> EXERCISE PROMPT:
Make an exact copy of the records, dropping all pictures.

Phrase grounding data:
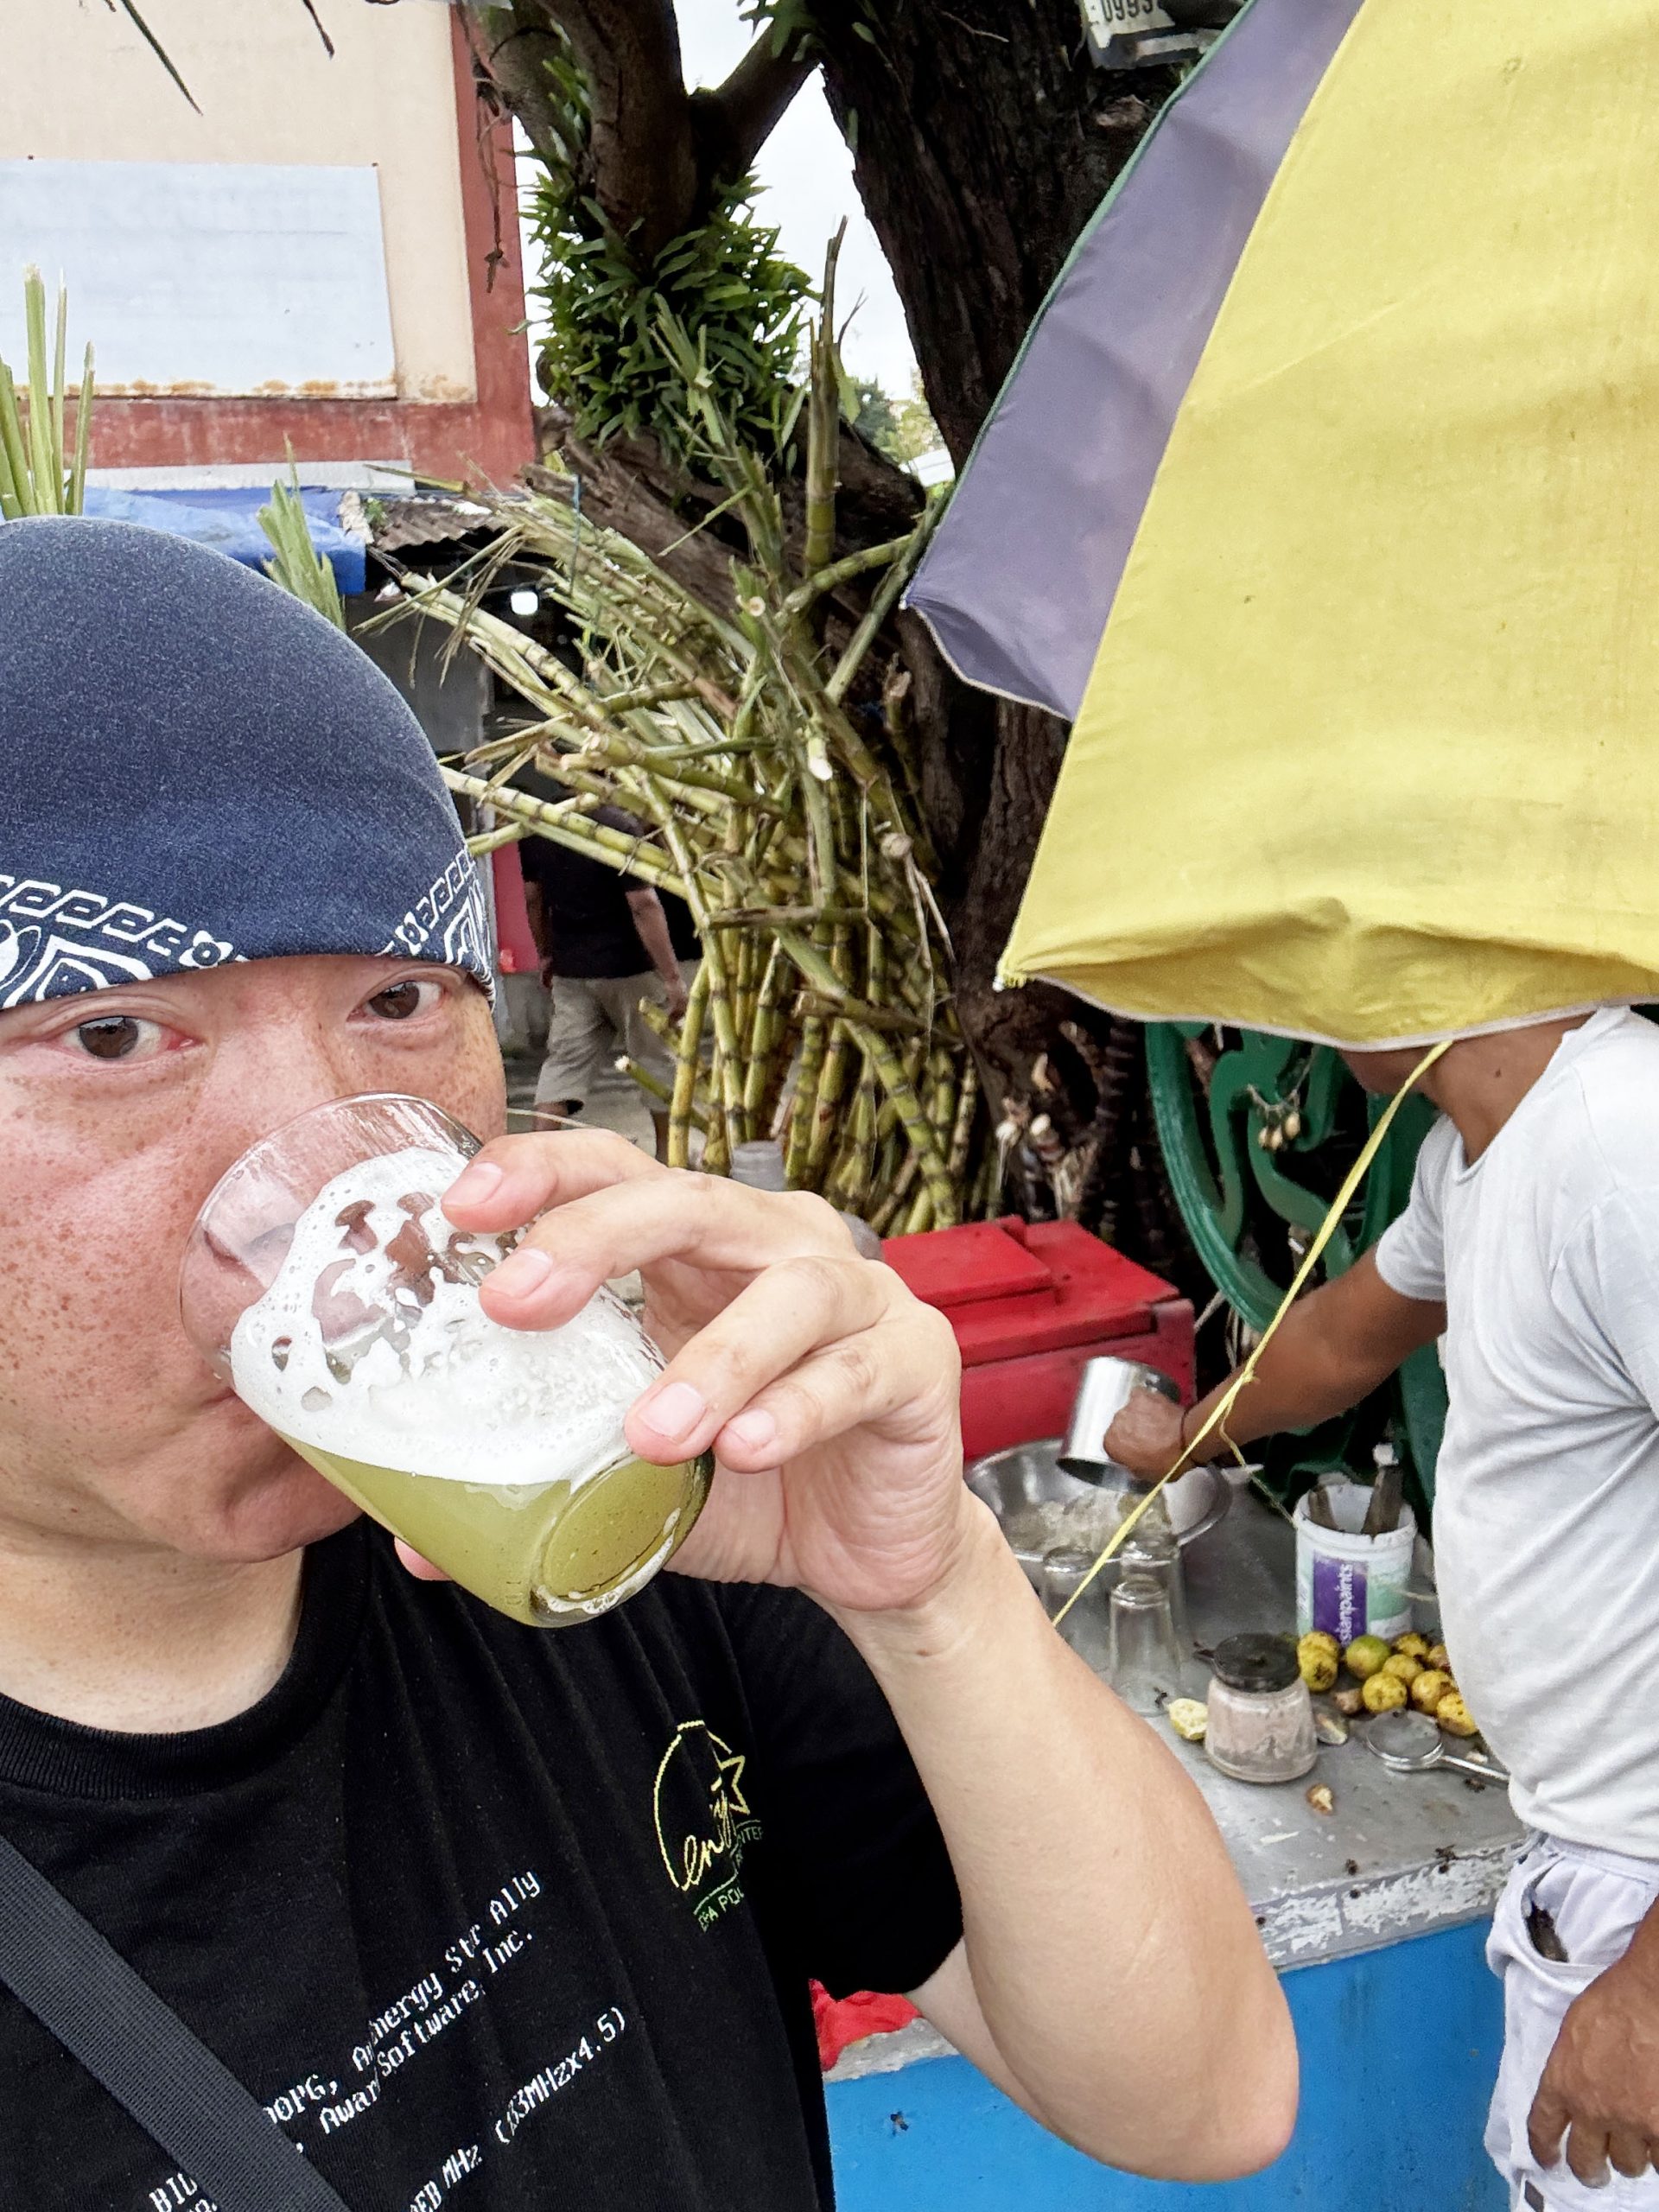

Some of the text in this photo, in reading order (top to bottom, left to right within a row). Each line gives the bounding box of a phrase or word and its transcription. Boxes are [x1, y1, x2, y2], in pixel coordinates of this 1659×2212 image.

[444, 1923, 481, 1974] Str
[488, 1871, 541, 1925] Ally
[482, 1929, 533, 1974] Inc.
[441, 2144, 483, 2190] MHz

> REPLY:
Some of the text in this photo, in reading order (top to bottom, left to right within a row). Each line gives the bounding box of a phrase or word and its transcription. Boxes are [x1, y1, x2, y2], in pixel coordinates of this 1659×2212 image.

[444, 1923, 481, 1974] Str
[488, 1871, 541, 1925] Ally
[482, 1929, 533, 1974] Inc.
[441, 2144, 483, 2190] MHz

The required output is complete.